Body Weight Workouts For Men – Bodyweight Training

Bodyweight workouts for men are typically designed to build muscle. The idea is that the workouts develop strong, lean and athletic muscles.

One of the problems with bodyweight training programs is that your weight can sometimes be too heavy or too light. Take squats for instance. For most people their body weight won’t provide enough resistance to get a good workout within a ‘normal’ repetition range. Chin ups on the other hand typically give us the exact opposite problem, too much weight so that you can’t perform any good repetitions.

To get around these problems we can use a few different strategies that will accommodate both strength and weight issues. A simple way to add resistance to all of these bodyweight exercises is to use a weight vest. This can provide between 5 and 10 kilograms (10-20 pounds) of extra resistance to these exercises. As well as adding some weight we can also add some speed. Take normal squats and turn them into jumps and you are now doing more work in less time. This will increase the intensity of the workout in a hurry! With the lower body we can also do single leg work. One legged squats, calf raises, split squats, forward and reverse lunges are all examples of how you can increase the loading through your lower body. Once again you can add the power and speed element and making some of these exercises into jumps.

With the upper body you can use the weight vest to make things harder, but a lot of exercises for the arms, chest, back and shoulders will require that you make it a little easier to get the repetitions needed. To do this you can use suspension trainers such as Power Rings or the TRX. This way you can make adjustments to the angle so that you are pulling or pushing a lower percentage of your body weight. This is the same theory as doing pushups on your knees or toes.

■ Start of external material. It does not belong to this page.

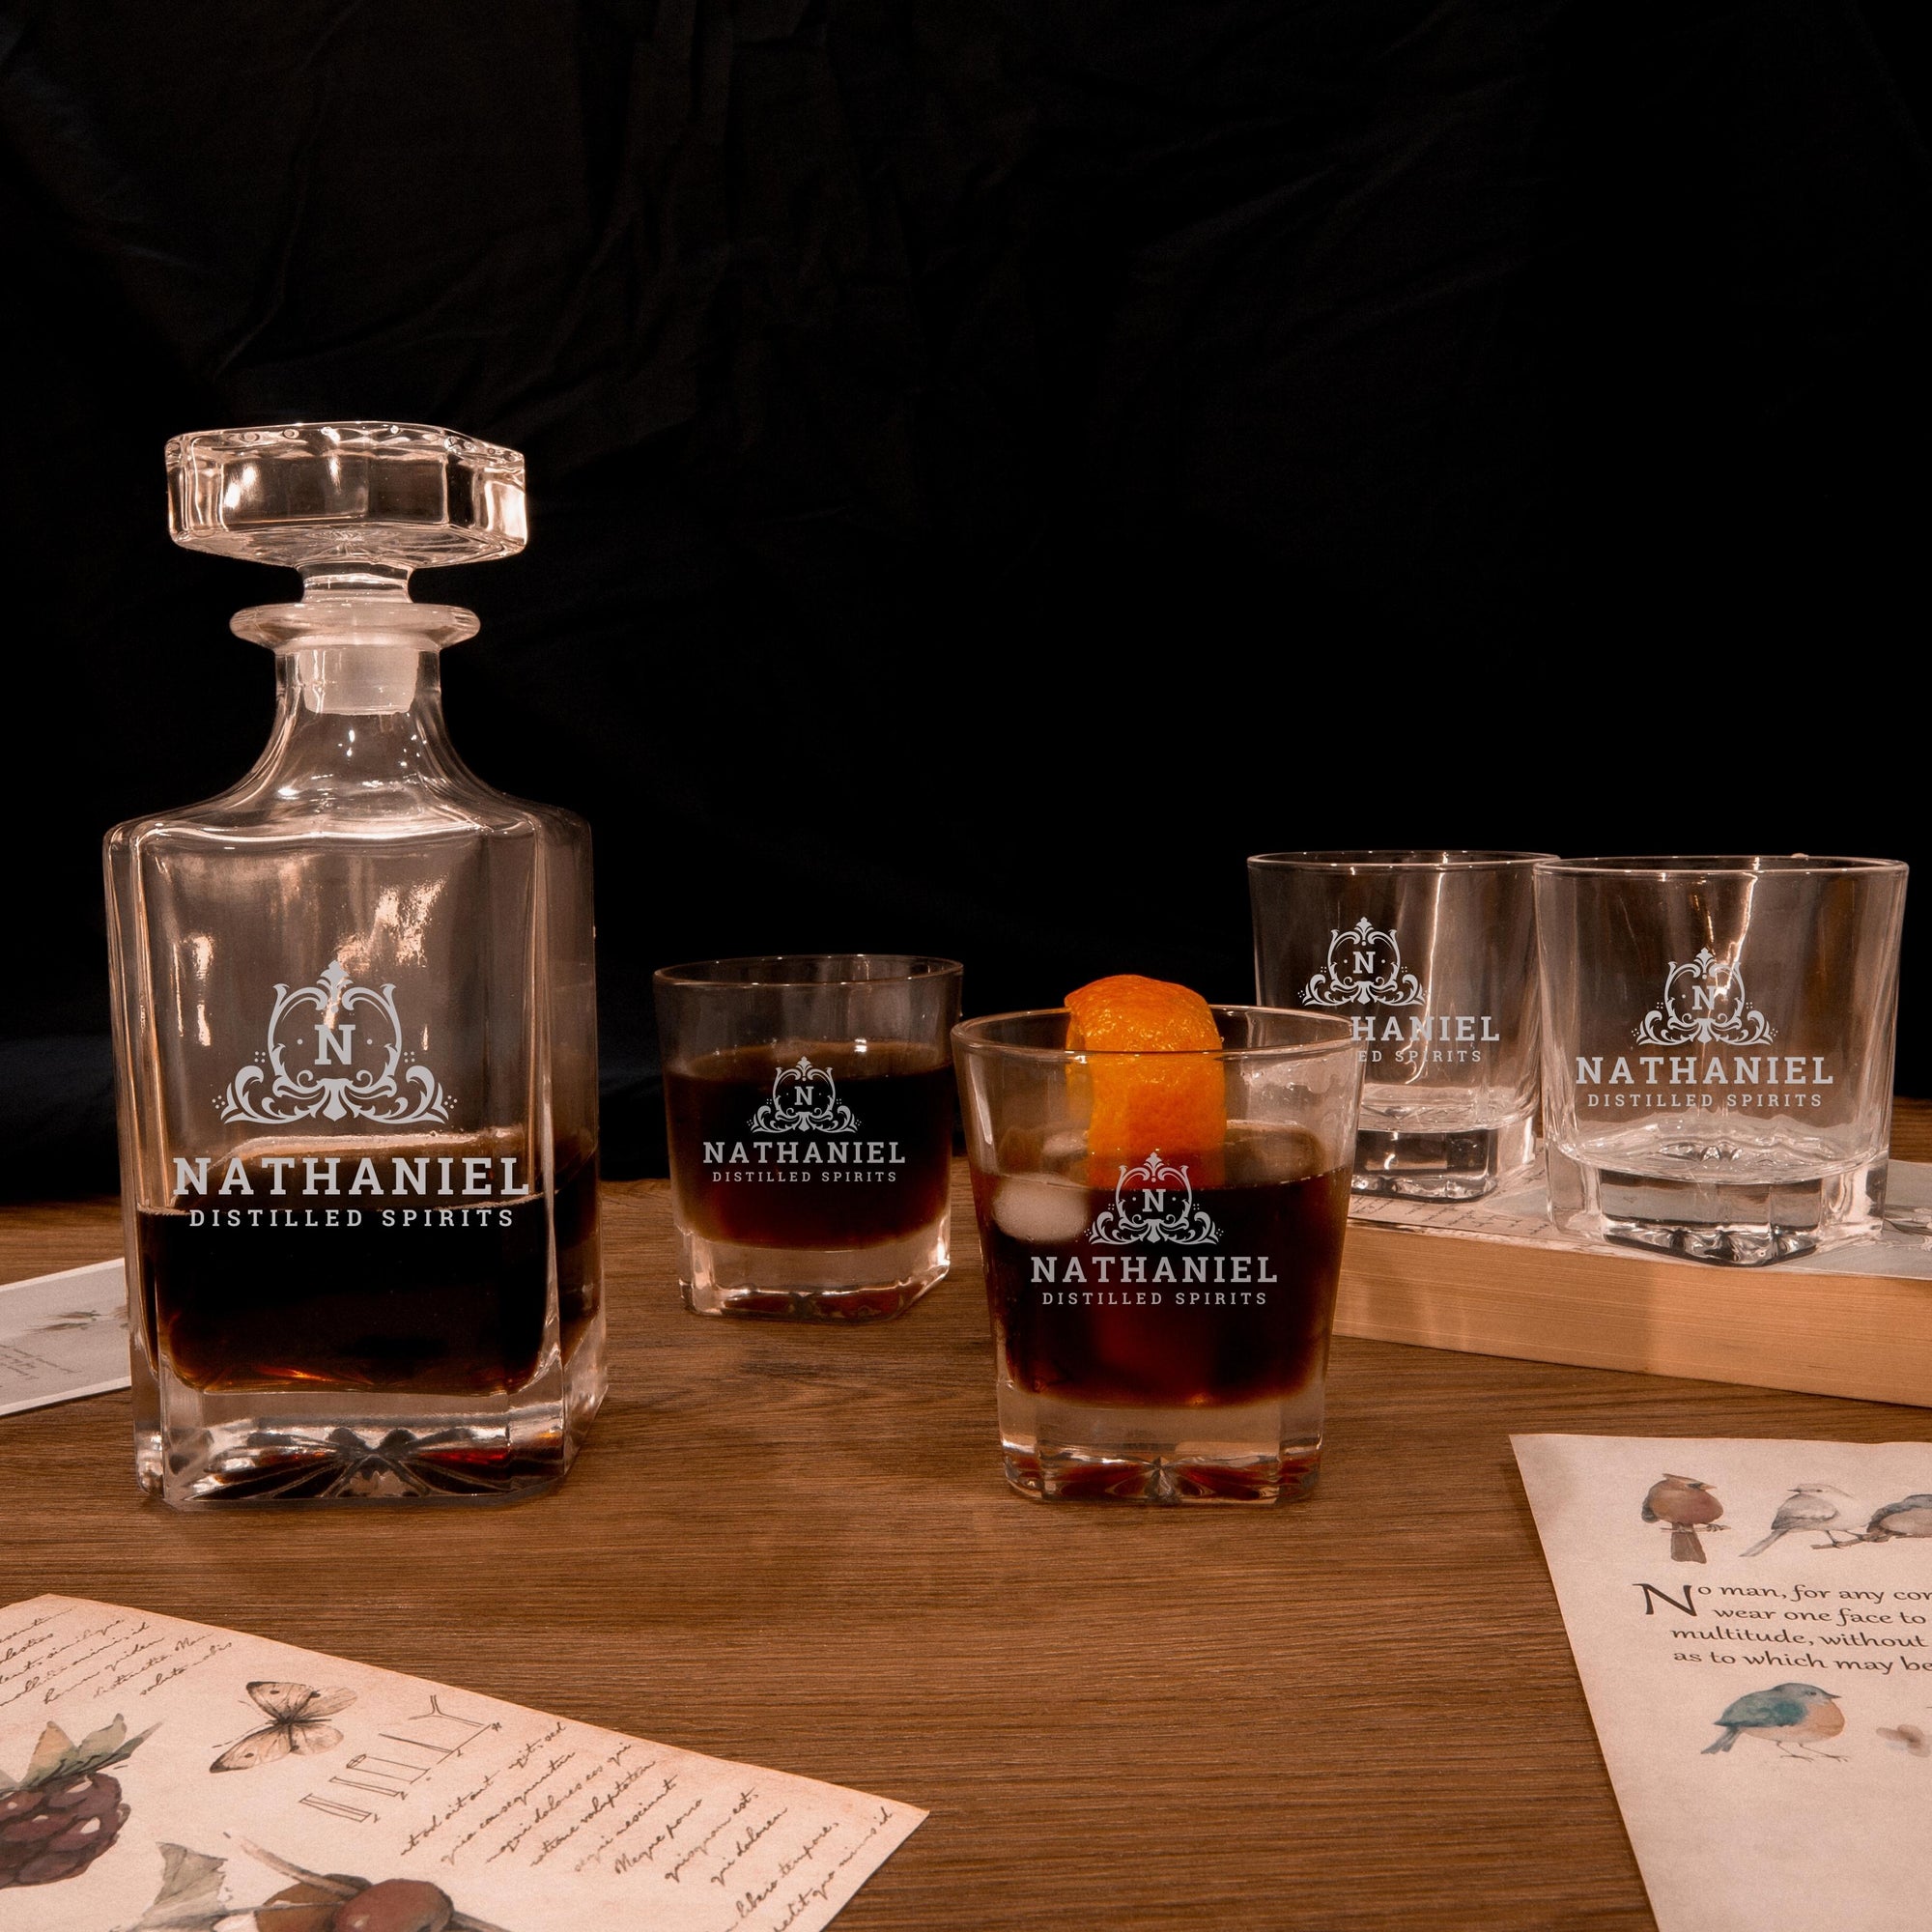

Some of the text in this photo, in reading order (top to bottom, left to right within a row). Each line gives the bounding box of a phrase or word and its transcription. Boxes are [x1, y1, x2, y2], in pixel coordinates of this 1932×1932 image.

Sample Body Weight Workout For Men

Warm Up with 3-5 minutes of skipping followed by 3 sets of 6 of squats, pushups and lunges.

1A) Pullups – maximum repetitions. (2-0-1) *This is your rep tempo, 2 seconds down, no rest, one second up*

2A) Rear Foot Elevated Split Squat – 15 repetitions – (3-0-1)

Rest 60 seconds and repeat for three rounds total.

2A) Power Jumps – 12 repetitions (1-0-1)

2B) Alternate Reverse Lunge – 24 repetitions each side (1-0-1)

2C) Overhand Inverted Body Row – maximum repetitions + Blast Set (2-0-1)

-> Blast Set – After last set, rest 30 seconds and do a final set to complete failure.

Rest 60 seconds and repeat for three rounds total.

3A) Dips – maximum repetitions (2-0-1)

3B) Single Leg Calf Raise – 12 repetitions per side (4-0-1)

3C) Triangle Pushup – maximum repetitions (2-0-1)

3D) Brace Tap Out – 15 repetitions – (1-0-1)

Rest 60 seconds and repeat for three rounds total.

Give this a go and let me know what you think. Body weight workouts might sound easy but after doing this you might have a different opinion!